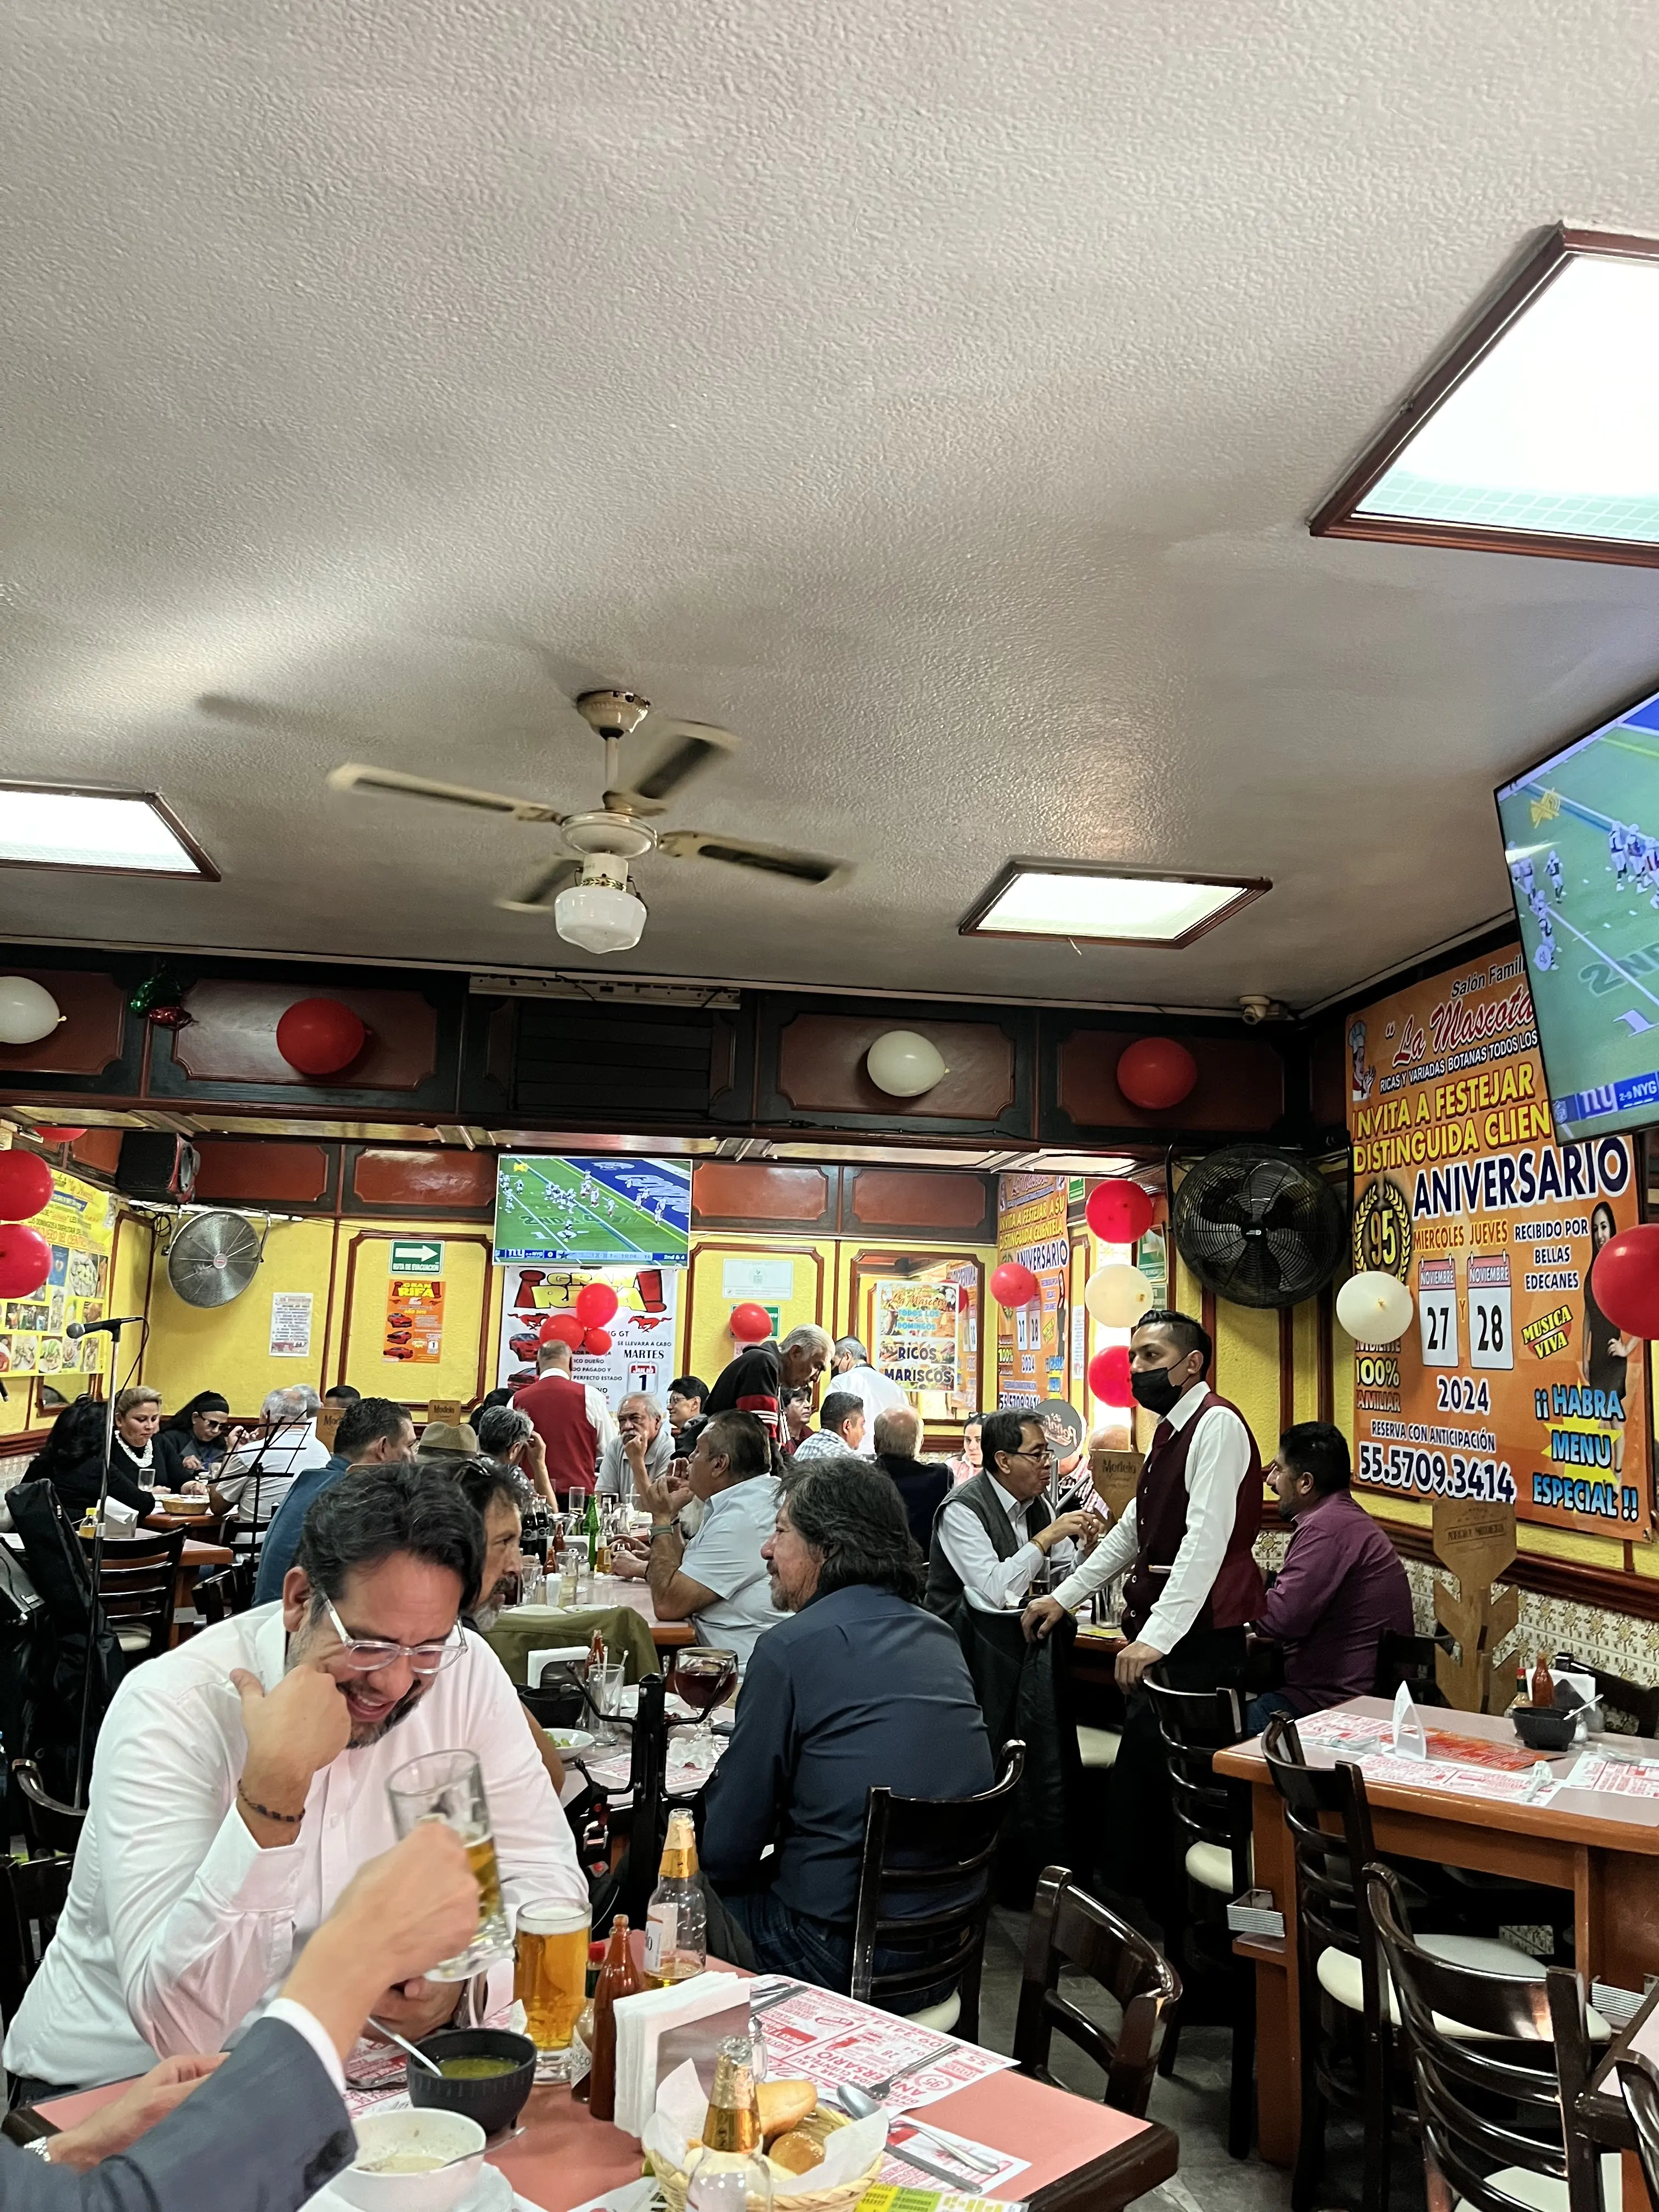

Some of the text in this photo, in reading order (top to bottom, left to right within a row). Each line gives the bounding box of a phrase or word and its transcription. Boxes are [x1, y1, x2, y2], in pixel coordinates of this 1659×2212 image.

[1452, 954, 1525, 998] Salón Famil
[1379, 1029, 1538, 1094] RICAS Y VARIADAS BOTANAS TODOS LOS
[1352, 1061, 1536, 1141] INVITA A FESTEJAR
[1633, 1079, 1657, 1098] NYG
[1352, 1099, 1553, 1177] DISTINGUIDA CLIEN
[1412, 1135, 1630, 1221] ANIVERSARIO
[1023, 1200, 1048, 1226] FESTEJAR
[1055, 1195, 1065, 1215] SU
[1371, 1209, 1397, 1265] 95
[1413, 1216, 1590, 1253] MIERCOLES JUEVES RECIBIDO POR
[1533, 1244, 1572, 1266] BELLAS
[398, 1287, 435, 1298] RIFA
[1420, 1265, 1581, 1292] NOVIEMBRE NOVIEMBRE EDECANES
[897, 1322, 937, 1330] DOMINGOS
[898, 1308, 923, 1317] TODOS
[1427, 1297, 1504, 1352] 27 Y 28
[1521, 1304, 1573, 1345] MUSICA
[623, 1349, 664, 1359] MARTES
[898, 1346, 938, 1361] RICOS
[1533, 1330, 1568, 1359] VIVA
[639, 1374, 647, 1391] 1
[884, 1368, 952, 1384] MARISCOS
[1356, 1357, 1400, 1387] 100%
[433, 1404, 455, 1414] Modelo
[1436, 1374, 1491, 1415] 2024
[1551, 1383, 1627, 1422] HABRA
[1370, 1419, 1497, 1454] RESERVA CON ANTICIPACIÓN
[1550, 1429, 1612, 1469] MENU
[1102, 1459, 1136, 1474] Modelo
[1359, 1441, 1517, 1505] 55.5709.3414
[1532, 1471, 1619, 1519] ESPECIAL
[923, 2077, 945, 2089] 95

-*-*-

- Work to be completed: The expected output is every entry above, retyped exactly, with the pictures removed.

- Finished task:
Some of the text in this photo, in reading order (top to bottom, left to right within a row). Each line gives the bounding box of a phrase or word and its transcription. Boxes are [x1, y1, x2, y2], in pixel coordinates of this 1659×2212 image.

[1452, 954, 1525, 998] Salón Famil
[1379, 1029, 1538, 1094] RICAS Y VARIADAS BOTANAS TODOS LOS
[1352, 1061, 1536, 1141] INVITA A FESTEJAR
[1633, 1079, 1657, 1098] NYG
[1352, 1099, 1553, 1177] DISTINGUIDA CLIEN
[1412, 1135, 1630, 1221] ANIVERSARIO
[1023, 1200, 1048, 1226] FESTEJAR
[1055, 1195, 1065, 1215] SU
[1371, 1209, 1397, 1265] 95
[1413, 1216, 1590, 1253] MIERCOLES JUEVES RECIBIDO POR
[1533, 1244, 1572, 1266] BELLAS
[398, 1287, 435, 1298] RIFA
[1420, 1265, 1581, 1292] NOVIEMBRE NOVIEMBRE EDECANES
[897, 1322, 937, 1330] DOMINGOS
[898, 1308, 923, 1317] TODOS
[1427, 1297, 1504, 1352] 27 Y 28
[1521, 1304, 1573, 1345] MUSICA
[623, 1349, 664, 1359] MARTES
[898, 1346, 938, 1361] RICOS
[1533, 1330, 1568, 1359] VIVA
[639, 1374, 647, 1391] 1
[884, 1368, 952, 1384] MARISCOS
[1356, 1357, 1400, 1387] 100%
[433, 1404, 455, 1414] Modelo
[1436, 1374, 1491, 1415] 2024
[1551, 1383, 1627, 1422] HABRA
[1370, 1419, 1497, 1454] RESERVA CON ANTICIPACIÓN
[1550, 1429, 1612, 1469] MENU
[1102, 1459, 1136, 1474] Modelo
[1359, 1441, 1517, 1505] 55.5709.3414
[1532, 1471, 1619, 1519] ESPECIAL
[923, 2077, 945, 2089] 95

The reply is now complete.